Provided that such an effect exists, a second question was whether the detrimental effect of irrelevant feedback reflects either learning from irrelevant feedback, or impaired learning from relevant feedback, or both. To examine this, we analyzed feedback-locked ERPs elicited by the relevant and the irrelevant feedback dimension. To distinguish between ERPs elicited by words and colors, we separated the onsets of the two stimulus dimensions by first presenting the word in a neutral color, and after a delay, turning this neutral color into a color associated with positive or negative feedback. While this procedure has been shown to preserve the automatic encoding of the word (Glaser & Glaser, 1982), it allows for

distinguishing ERPs elicited by the word onset from ERPs elicited by the color onset.

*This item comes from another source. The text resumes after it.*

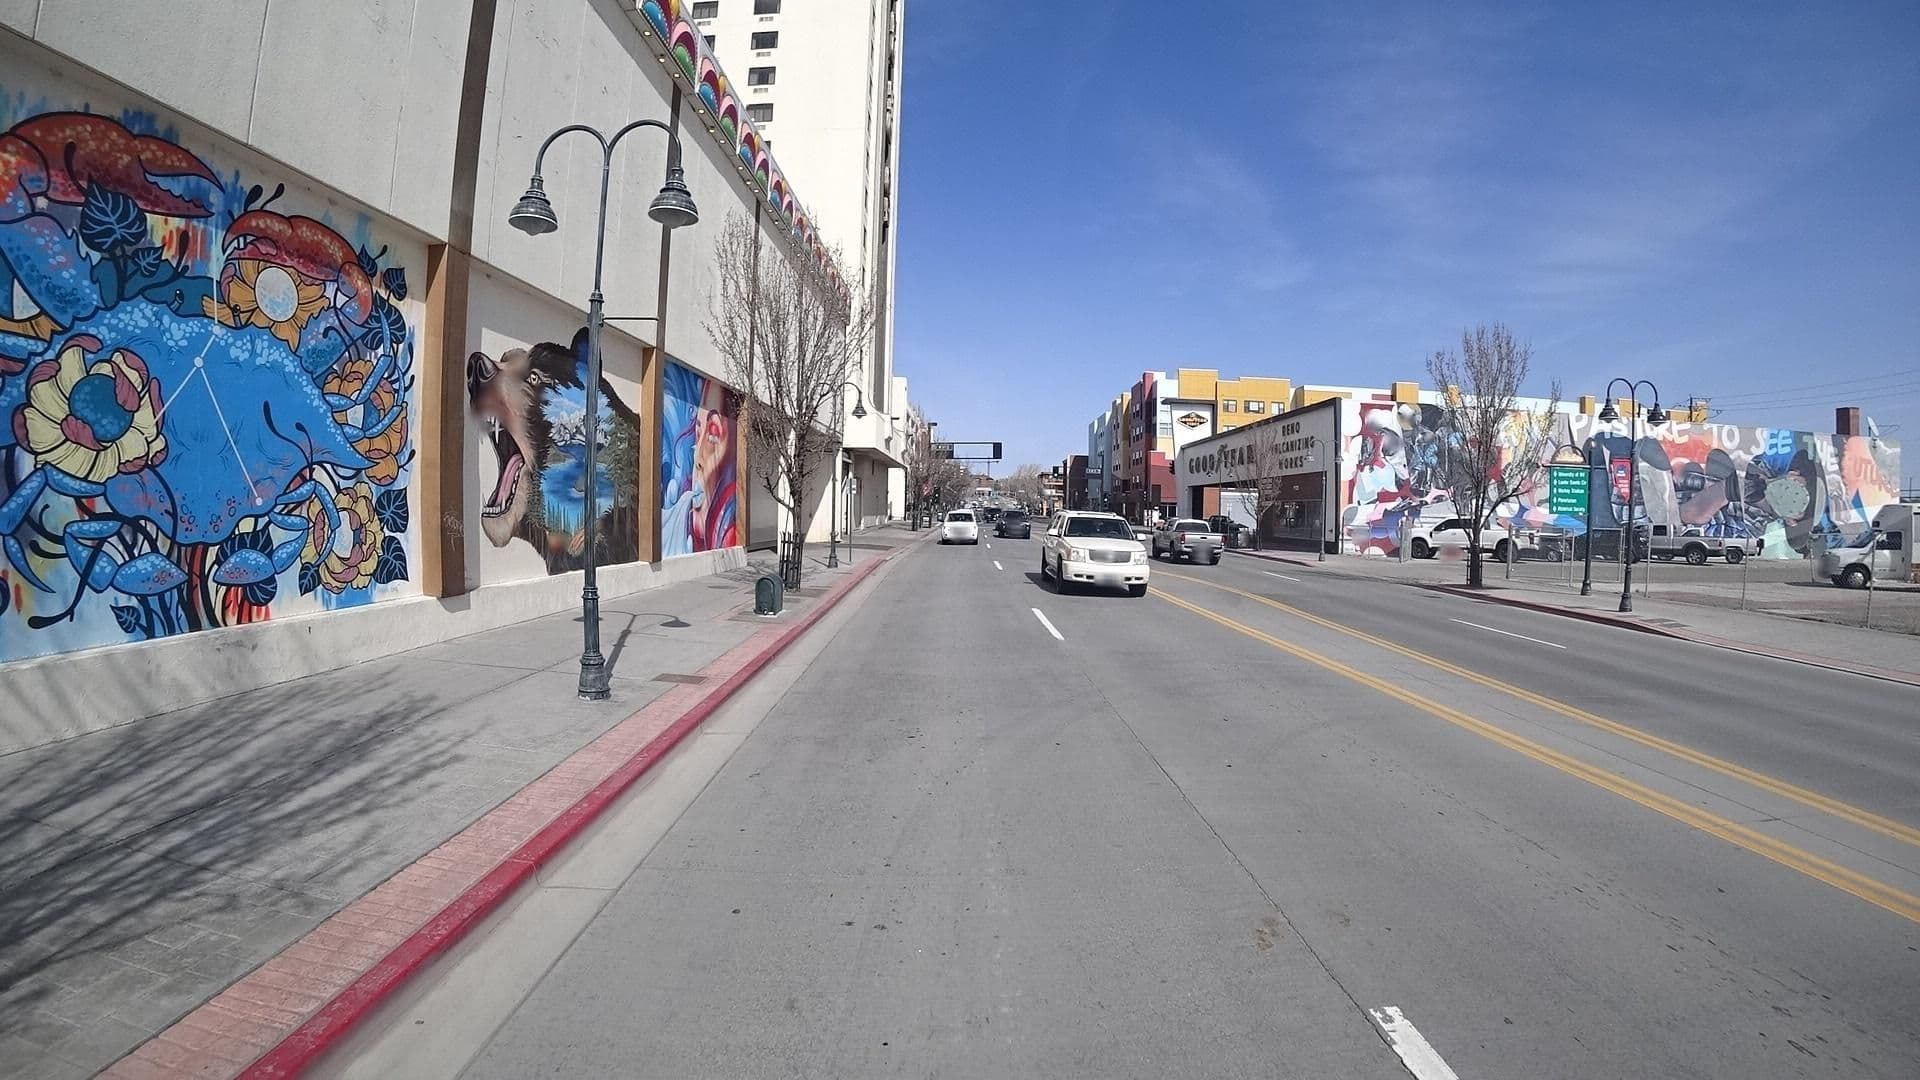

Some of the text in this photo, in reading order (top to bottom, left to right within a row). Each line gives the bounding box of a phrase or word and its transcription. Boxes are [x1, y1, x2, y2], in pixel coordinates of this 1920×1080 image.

We hypothesized that if irrelevant feedback triggers learning, this should become evident from ERPs elicited by the irrelevant word. For instance, the irrelevant feedback might evoke an FRN that is larger for words associated with negative feedback than for words associated with positive feedback, thus indicating reinforcement triggered by the irrelevant feedback. In contrast, if irrelevant feedback impairs learning from relevant feedback, the meaning of the word should affect ERPs elicited by the relevant color. Depending on whether reinforcement learning or feedback evaluation is affected, the FRN or the P300 following the relevant color should be enhanced when the word provided valid feedback but should be reduced when the word provided invalid feedback.